Anthropomorphic phantoms studies and the clinical research literature show that, all else being equal, the uncertainty of measurement decreases as image quality increases, and the larger the tumor volume, the lower the variance. This seems important. In diagnostic settings, distinguishing benign lung nodules from early stages of cancer based on their rates of growth over relatively short intervals is feasible and can spare patients from invasive procedures [39]. However, longitudinal measurements of small nodules require rather rigorous control over the image acquisition and analysis procedures [40]. In contrast, when all other things are equal, larger masses in patients with established diagnoses of lung cancer seem more resistant to measurement error [35]. These relationships between precision and size hold for objects with similar shape. As the geometric shape of a tumor mass becomes increasingly complex, precision tends to decrease. Because spiculation [41] and irregular patterns of growth tend to increase over time, more research is required before the precision of measurement can be succinctly summarized in patients with advanced disease.

It seems hard to overemphasize that, whatever its problems, the literature consistently indicates that volumetric image analysis can be more informative than measurements of line lengths placed on a single tomographic slice.

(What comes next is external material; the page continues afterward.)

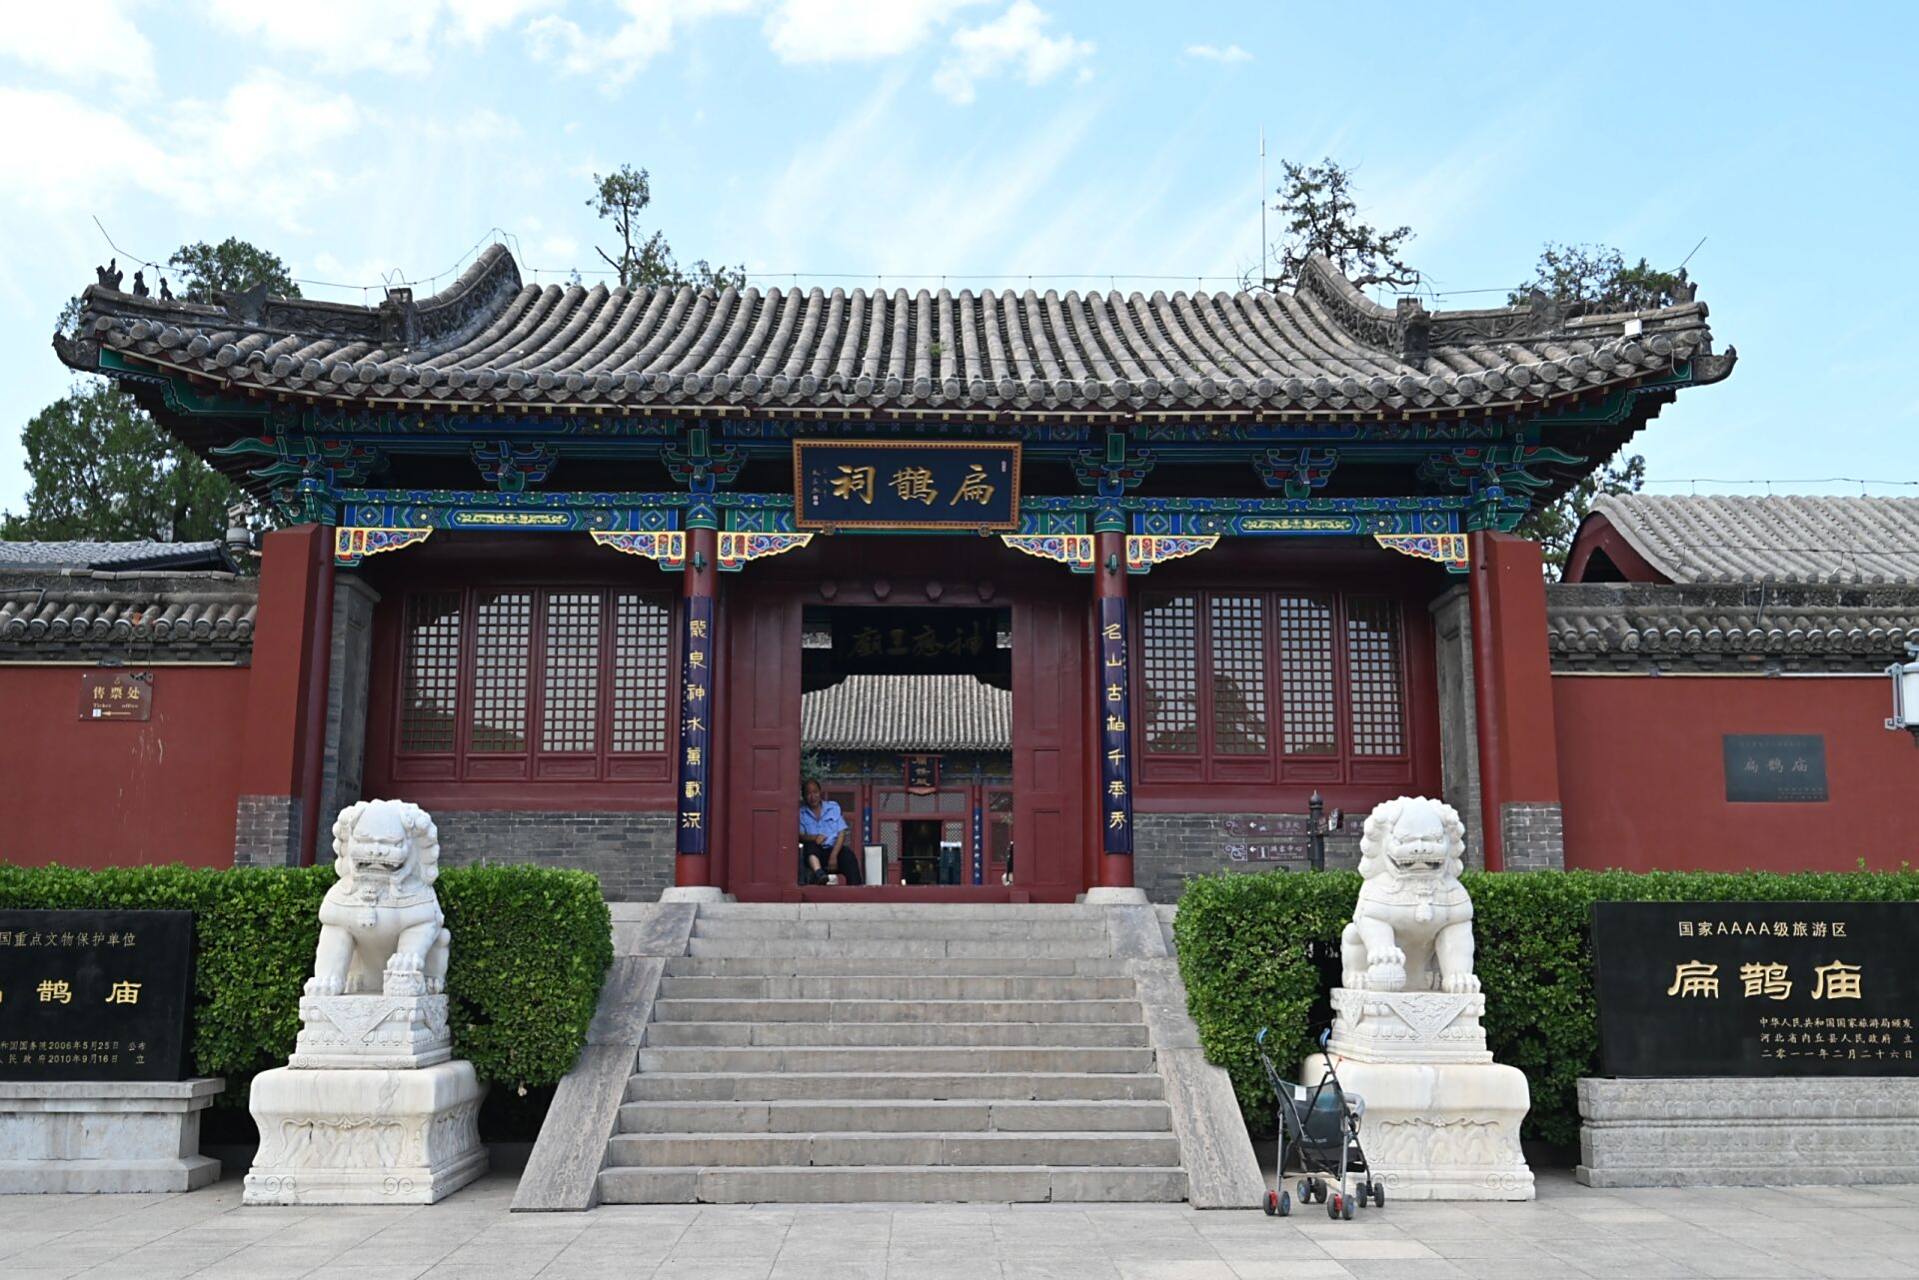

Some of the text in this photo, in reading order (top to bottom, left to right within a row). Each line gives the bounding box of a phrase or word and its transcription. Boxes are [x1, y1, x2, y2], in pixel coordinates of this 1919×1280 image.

If nothing else, volume measurements obviate the problems that stem from the fact that lung cancers are rarely well modeled as uniformly contracting or expanding spheres.

While it has already been shown that the whole thoracic tumor burden will not be quantifiable in every case, evidence is mounting that volumetric measurements can, and should, influence treatment decisions in patients with lung tumors.

It seems likely that volumetrics will also succeed in other types of extra-thoracic cancer when the tumors are the right size, shape, and density when compared with the surrounding tissue. Although there is not yet enough evidence to claim that volumetric image analysis is qualified as a biomarker of response in patients with solid tumors, quantifying changes in tumor volume could constitute a major paradigm shift in clinical practice, as well as the conduct of some clinical trials.

disclosures

There have been no involvements that might raise the question of bias in the work reported or in the conclusions, implications, or opinions stated.

QIBA's Volumetric CT Committee contributed heavily to the formation of the hypotheses and critical concepts.